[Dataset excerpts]
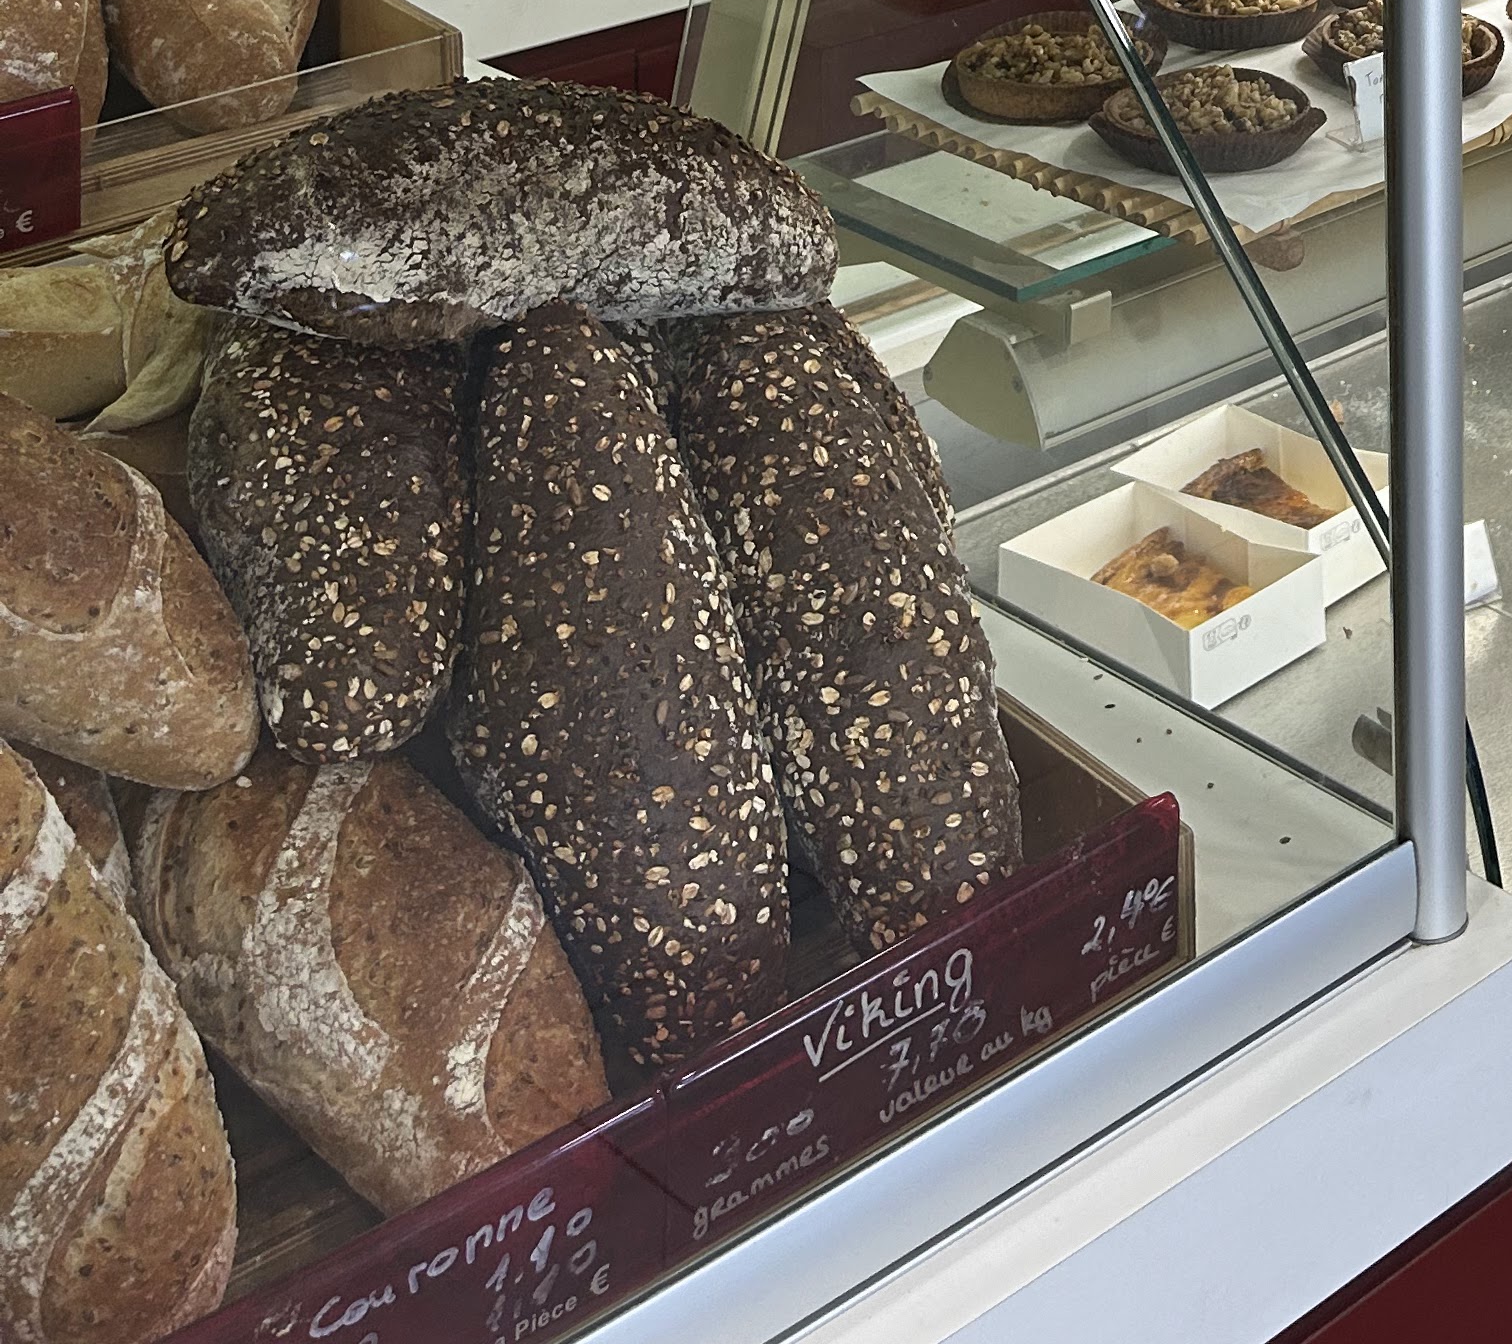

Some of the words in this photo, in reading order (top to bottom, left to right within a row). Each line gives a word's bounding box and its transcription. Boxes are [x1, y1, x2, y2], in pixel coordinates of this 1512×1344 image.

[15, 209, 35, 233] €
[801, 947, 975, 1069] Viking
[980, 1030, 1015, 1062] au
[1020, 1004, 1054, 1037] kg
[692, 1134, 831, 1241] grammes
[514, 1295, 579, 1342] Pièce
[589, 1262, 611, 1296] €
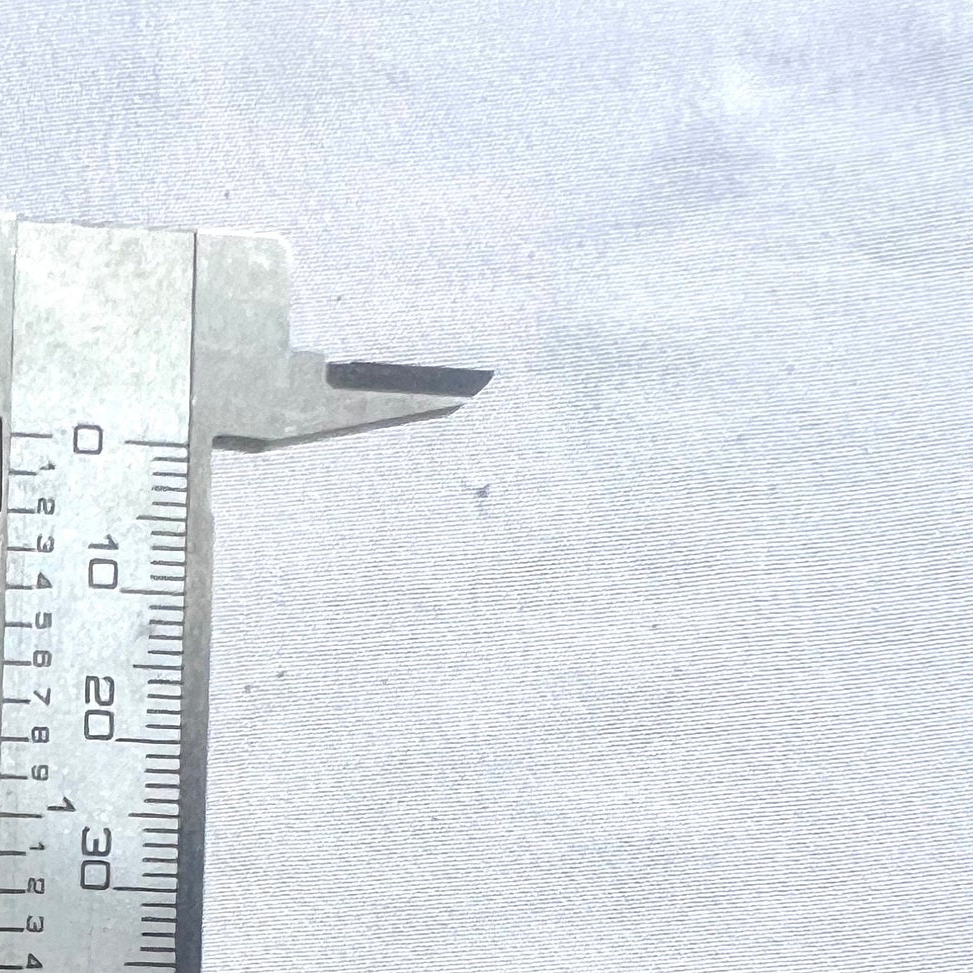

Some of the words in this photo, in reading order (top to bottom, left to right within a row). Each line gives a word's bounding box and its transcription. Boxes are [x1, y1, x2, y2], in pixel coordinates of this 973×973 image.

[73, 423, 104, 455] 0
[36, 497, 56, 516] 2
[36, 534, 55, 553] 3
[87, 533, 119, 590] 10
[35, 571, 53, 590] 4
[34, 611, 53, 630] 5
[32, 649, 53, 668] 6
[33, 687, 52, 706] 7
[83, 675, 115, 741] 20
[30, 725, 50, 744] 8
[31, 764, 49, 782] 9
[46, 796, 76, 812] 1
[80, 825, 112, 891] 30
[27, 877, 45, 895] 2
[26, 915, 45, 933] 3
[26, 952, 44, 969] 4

■ **About this exercise**
Give back all of the entries above exactly, with the pictures excluded.

■ **Answer for this exercise**
Some of the words in this photo, in reading order (top to bottom, left to right within a row). Each line gives a word's bounding box and its transcription. Boxes are [x1, y1, x2, y2], in pixel coordinates of this 1512×1344 image.

[15, 209, 35, 233] €
[801, 947, 975, 1069] Viking
[980, 1030, 1015, 1062] au
[1020, 1004, 1054, 1037] kg
[692, 1134, 831, 1241] grammes
[514, 1295, 579, 1342] Pièce
[589, 1262, 611, 1296] €

Some of the words in this photo, in reading order (top to bottom, left to right within a row). Each line gives a word's bounding box and its transcription. Boxes are [x1, y1, x2, y2], in pixel coordinates of this 973×973 image.

[73, 423, 104, 455] 0
[36, 497, 56, 516] 2
[36, 534, 55, 553] 3
[87, 533, 119, 590] 10
[35, 571, 53, 590] 4
[34, 611, 53, 630] 5
[32, 649, 53, 668] 6
[33, 687, 52, 706] 7
[83, 675, 115, 741] 20
[30, 725, 50, 744] 8
[31, 764, 49, 782] 9
[46, 796, 76, 812] 1
[80, 825, 112, 891] 30
[27, 877, 45, 895] 2
[26, 915, 45, 933] 3
[26, 952, 44, 969] 4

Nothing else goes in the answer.